A free or paid keyword search tool can show you what keywords you should be using, and how high those keywords are ranking.
6. Keyword Stuffing
Keyword stuffing is when you overstuff your content with keywords to fill a made-up requirement. This is exactly what you don’t want to do when creating content. Natural writing, great titles, relevant content, and headings with keywords will reach your target audiences better than content unnaturally stuffed with keywords.
7. Content Strategy
Content strategy is a plan that identifies how you will use your content to reach your business goals. It lays out what already exists on your site, what should be created, and why. If you don’t have a content strategy, it’s like having all your bags packed, your car gassed up, and no GPS signal — a surefire way to not reach your destination.
8. Engagement Rate
The engagement rate tells you how much your audience is interacting with your content. For social media, this means they are sharing, commenting, or liking your content. With websites and other content, your audience may be booking appointments or leaving comments.
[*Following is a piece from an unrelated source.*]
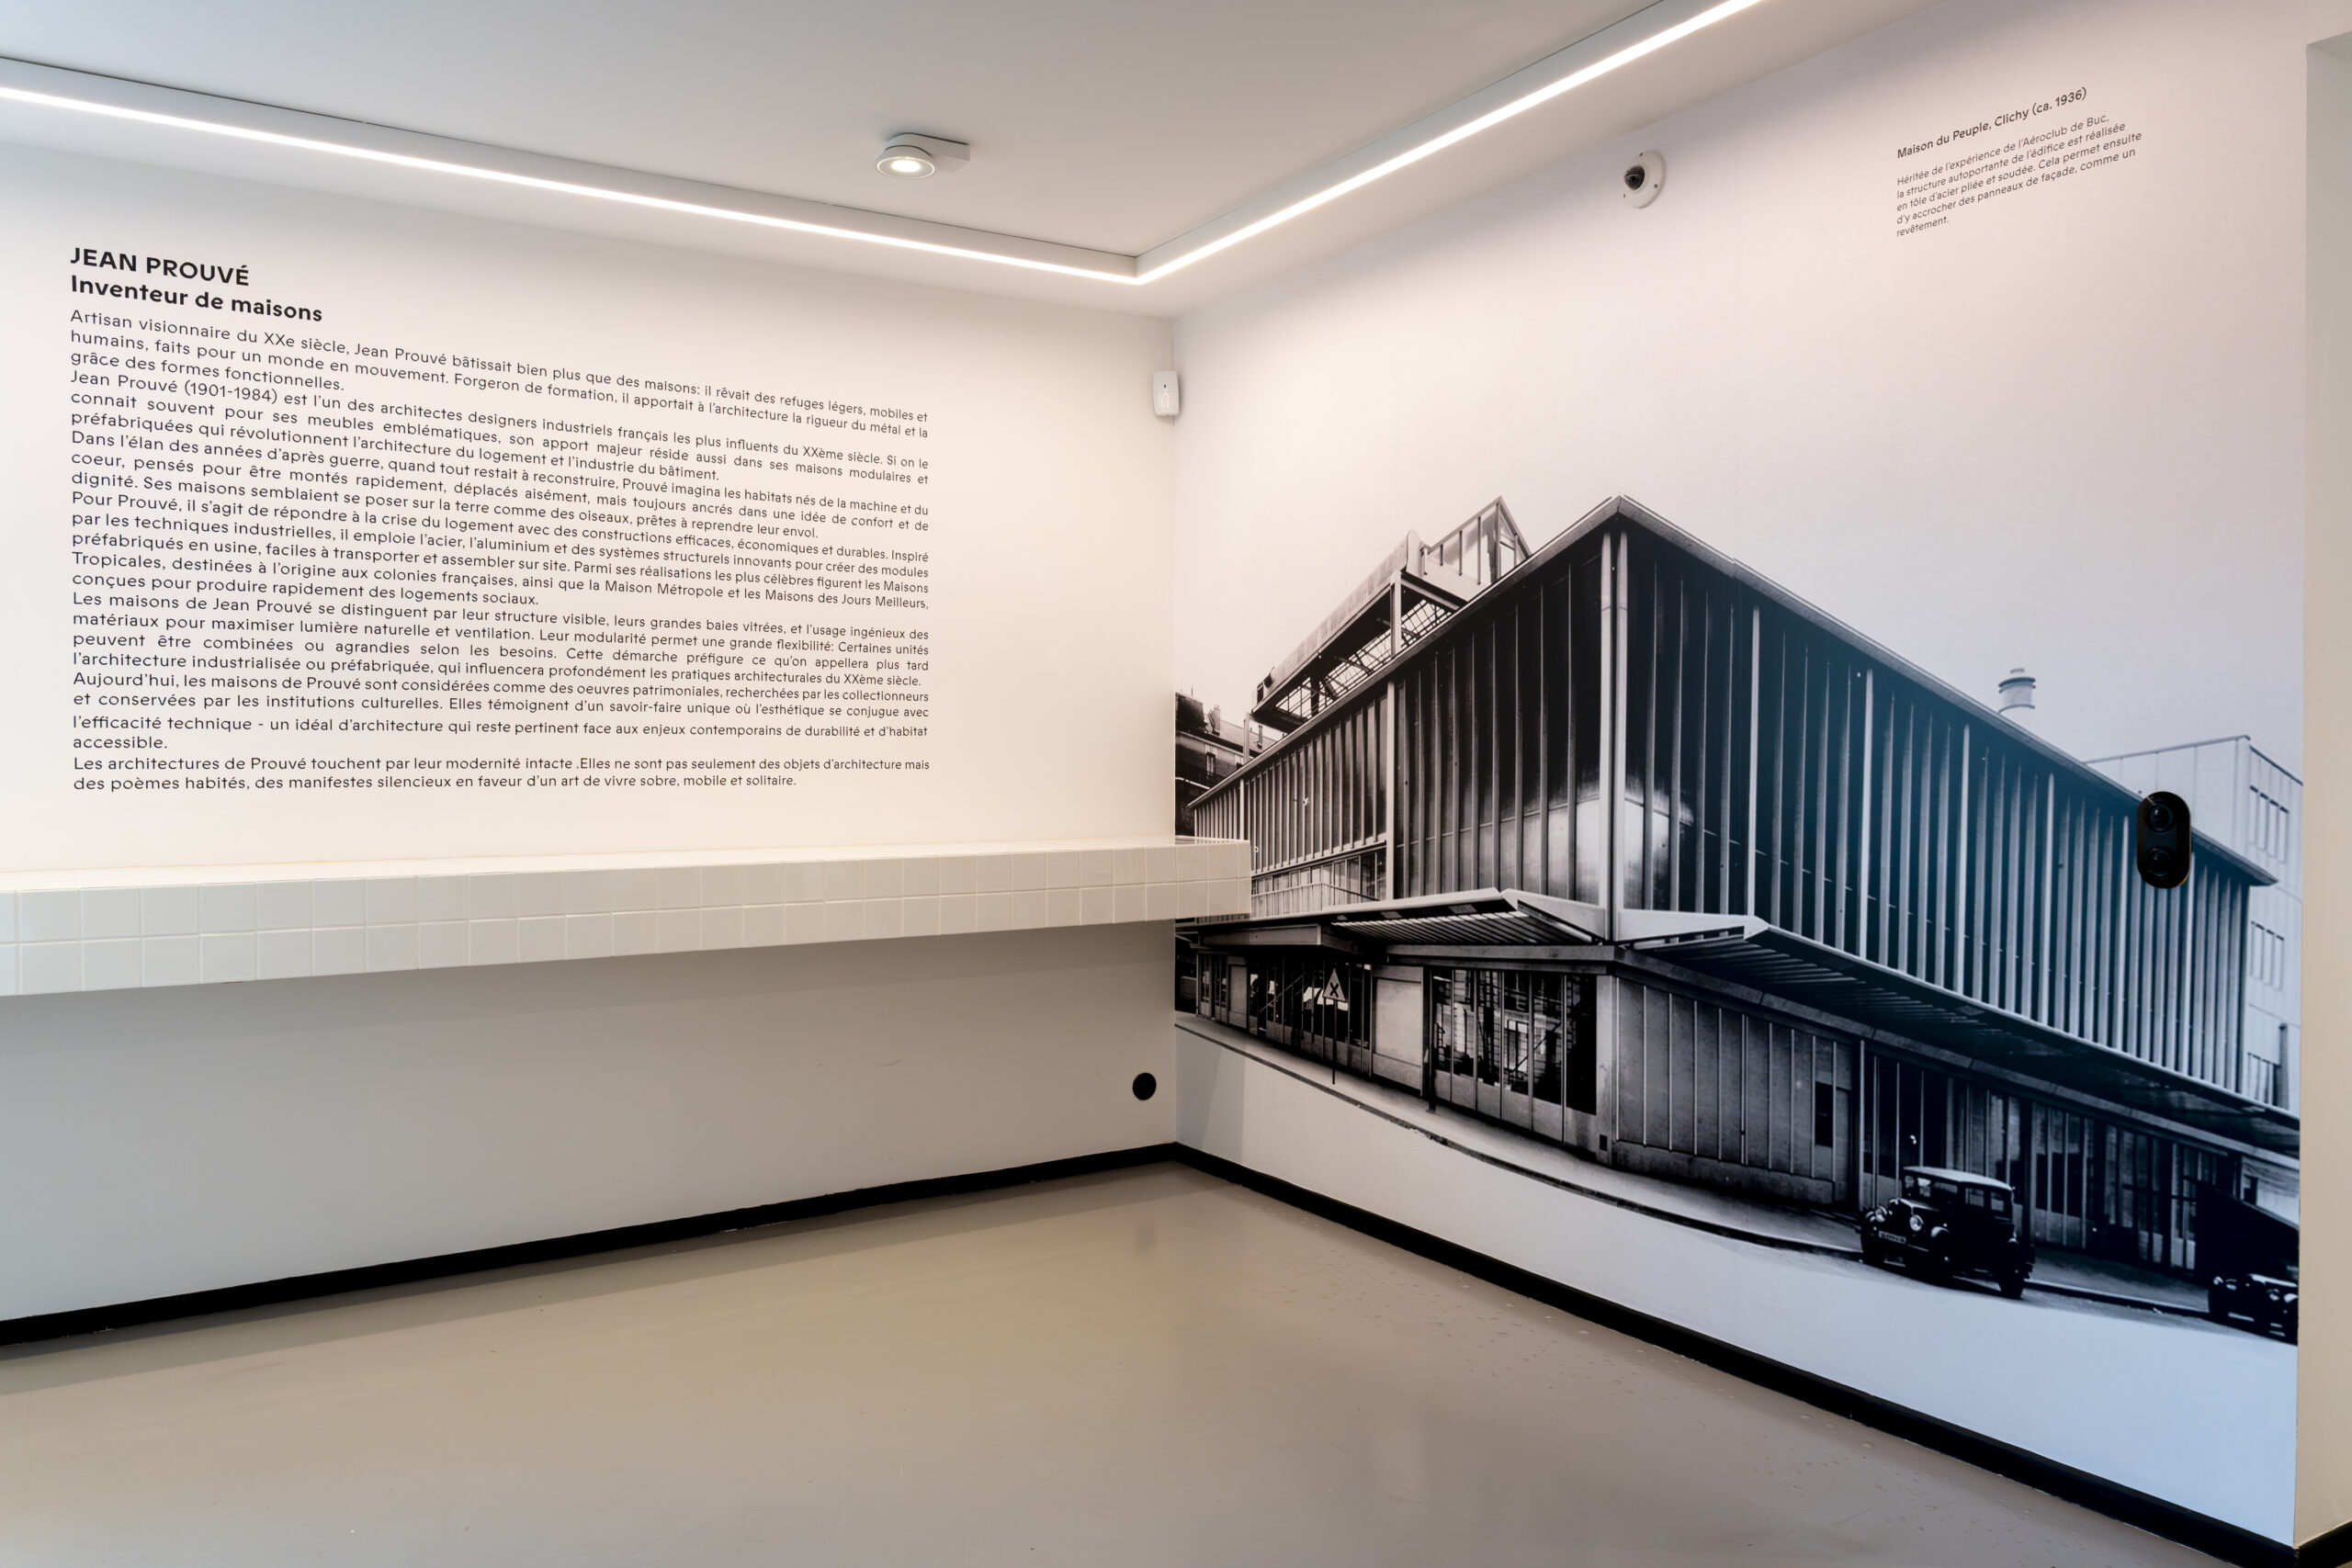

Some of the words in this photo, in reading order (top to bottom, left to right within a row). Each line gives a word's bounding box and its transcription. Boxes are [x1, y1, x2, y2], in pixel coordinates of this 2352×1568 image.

Use The Right Content Type
You can have great information, but if you don’t deliver it in an interesting way on the right platforms, your patients will never see it.
9. Visual Content
Visual content — such as infographics, videos, and pictures — rules in the online world. Many people read on their devices, which makes long form text-based information less effective than image-based content.
Visual content engages your audiences across all their devices and is helpful when they are short on time.
10. Video Content
Video content includes any kind of videos you include on your site. Some organizations create videos on platforms like TikTok or YouTube and then share them to their social media channels or simply upload videos directly to their website.
11. Interactive Content
Interactive content gets your patients to do something — take a quiz, read an e-book, or click on an interactive infographic, such as a map.
Measure Your Success
There’s only one way to know if your content strategy is a success: Do some measuring.
12. Analytics
After you update your website or post social media content, you will want to see how well your content is performing by using your website or social media management tools. This is called analytics.
13. Search Engine Results Page (SERP)
A SERP is the page of results you’re given when you enter a search into Google. Google knows which results to display by looking for information on your website as well as your page URLs, images, and content. You’ll want to make sure your website is optimized so you show up in patients’ search results.
14. Click-Through Rate (CTR)
The click-through rate tells you how many people selected the link they’ve seen. For example, if there’s a Facebook ad, the rate is determined by dividing how many people clicked on it by the number of people exposed to the ad.
15. Bounce Rate
Someone may click on your website or link, but if they hop off of it without doing anything else, you could end up with a high bounce rate. Analytics will tell you if patients are interacting with your webpage by clicking on a link to another article, taking a quiz, or making an appointment.
Digital marketing is always evolving — and so is its terminology. Just as you stay on top of marketing trends, do your best to keep up with new digital marketing terms that might impact the way you create and promote your healthcare content.